The Financial Conduct Authority (FCA) has launched a discussion paper seeking views on how the financial services compensation framework could be improved.
Its paper includes ‘fundamental questions’ about the purpose, scope and funding of the parts of the compensation framework that the FCA is responsible for to ensure that it meets the needs of consumers and firms.
The FCA noted that the Financial Services Compensation Scheme (FSCS) levy has increased from £277m in 2011/12 to a predicted £717m in 2021/22, while the pipeline of historic claims is expected to result in further payouts “over the coming years”.
These increasing claims against failed firms have “focused attention” on the compensation framework and the cost to levy payers, with the paper therefore aiming to open a discussion on which aspects of the framework could be improved.
The regulator stated that it was committed to stabilising and reducing the size of the compensation levy over time and is taking “assertive action” to address the causes of the increase in compensation liabilities by improving the conduct of firms to prevent harm from happening.
Its paper is also seeking views on the purpose of the compensation framework and the principles that should underpin its design.
Furthermore, it aims to explore opportunities for improving the aspects of the current compensation framework that the FCA is responsible for, and to generate views and ideas that could be developed into specific policy proposals for future consultation by the FCA.
It asked potential respondents how to ensure the FSCS is not over-relied on, whether a change in scope could be justified, whether changes to the level of compensation should be made, and what they thought about the current funding model for the framework and whether any alternative models could be preferable.
“We want consumers to have trust in a thriving UK financial services sector, and businesses to be confident that they can bring new and innovative products to market,” commented FCA executive director for consumers and competition, Sheldon Mills.
“To achieve this, it is vital that consumers have an appropriate level of protection if things go wrong – and that we find a fair and sustainable way of funding the cost of this protection. Now is the time to ask how we can ensure our compensation framework is fit for the future.
'We are already taking action against the drivers of compensation claims. These include our measures to reduce the impact when firms fail and to tackle misconduct in the investment market.”

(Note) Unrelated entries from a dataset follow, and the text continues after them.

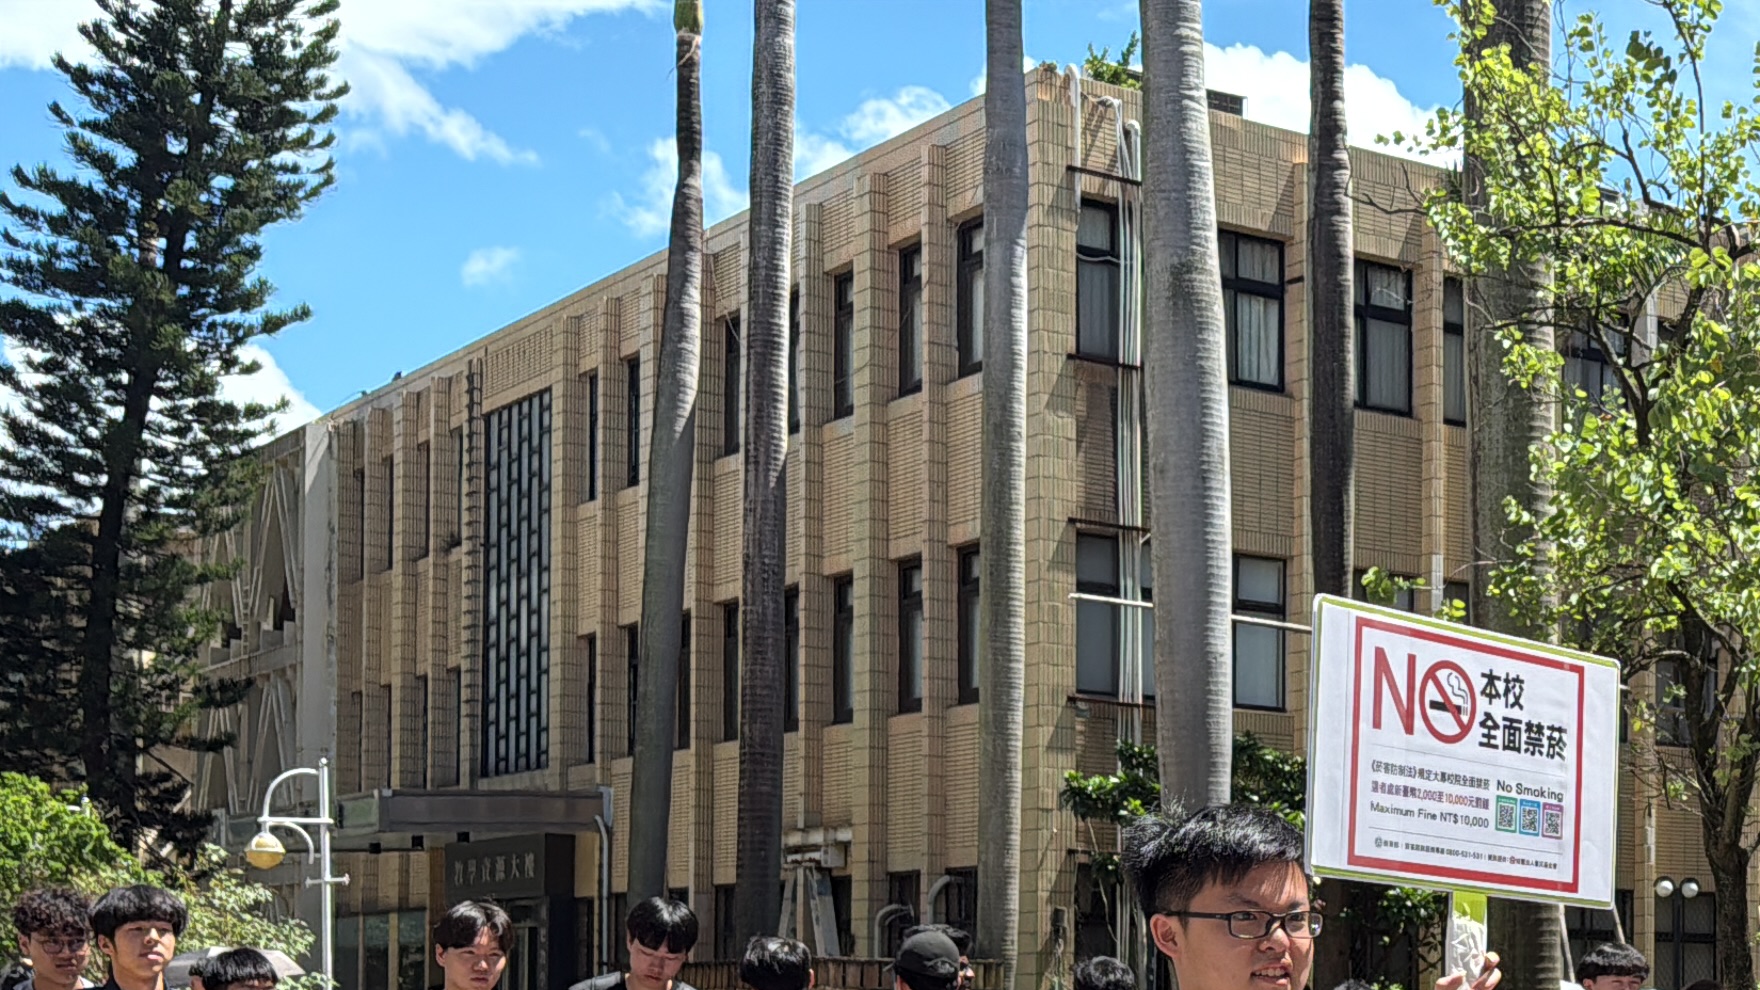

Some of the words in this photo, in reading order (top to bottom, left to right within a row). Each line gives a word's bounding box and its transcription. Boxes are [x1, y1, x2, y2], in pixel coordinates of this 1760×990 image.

[1481, 669, 1525, 711] 本校
[1478, 712, 1567, 762] 全面禁菸
[1496, 779, 1513, 793] No
[1516, 782, 1564, 803] Smoking
[1370, 800, 1415, 818] Maximum
[1417, 807, 1437, 821] Fine

The discussion paper is open until 4 March 2022, with the FCA planning to publish a feedback statement during 2022 that will outline any further steps it intends to take.

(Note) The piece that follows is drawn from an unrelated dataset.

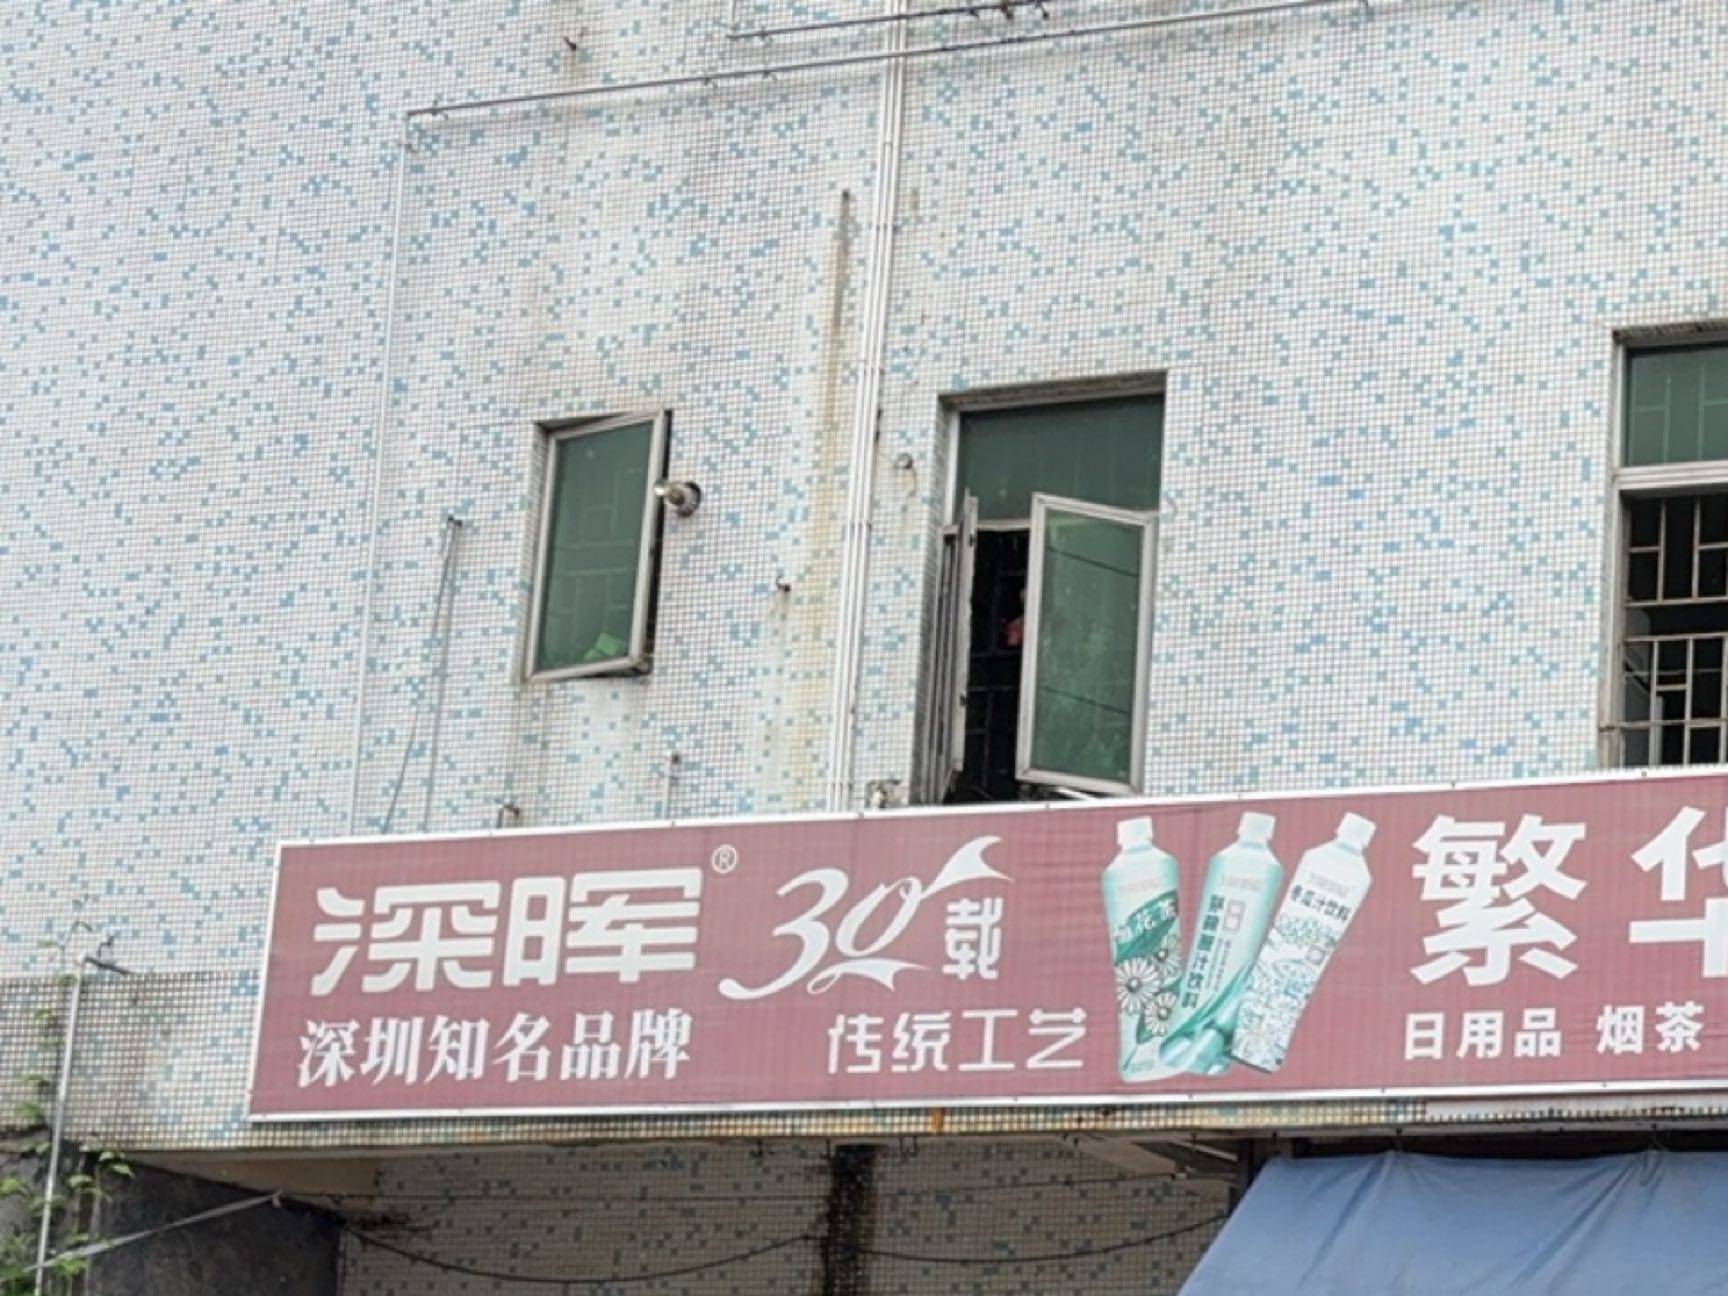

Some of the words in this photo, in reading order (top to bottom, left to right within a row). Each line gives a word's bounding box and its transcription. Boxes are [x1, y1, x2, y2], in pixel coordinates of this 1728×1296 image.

Commenting on the launch of the discussion paper, Aegon pensions director, Steven Cameron, said: “The FSCS plays a vital ‘last resort’ role in protecting consumers on the failure of a firm responsible for financial detriment. But despite previous attempts to improve the funding, and providers now paying a share of intermediary levies, many adviser firms who consistently offer their clients a professional service, and don’t give rise to compensation payments, feel unfairly treated as levies continue to rise sharply.
“We welcome this new opportunity to think again about how to strengthen the concept of ‘polluter pays’. Many favour a move to risk-based levies, so it’s disappointing that the FCA continues to see this as unworkable despite the new data it has been collecting on higher risk activities.
“We fully support the FCA’s efforts to tackle the root cause of compensation payments and look forward to more details of how FCA initiatives such as the new Consumer Duty and the Consumer Investments Strategy might help here. Alongside these, we encourage the FCA to continue to clamp down on phoenixing and to get smarter at identifying firm-level issues as early as possible.”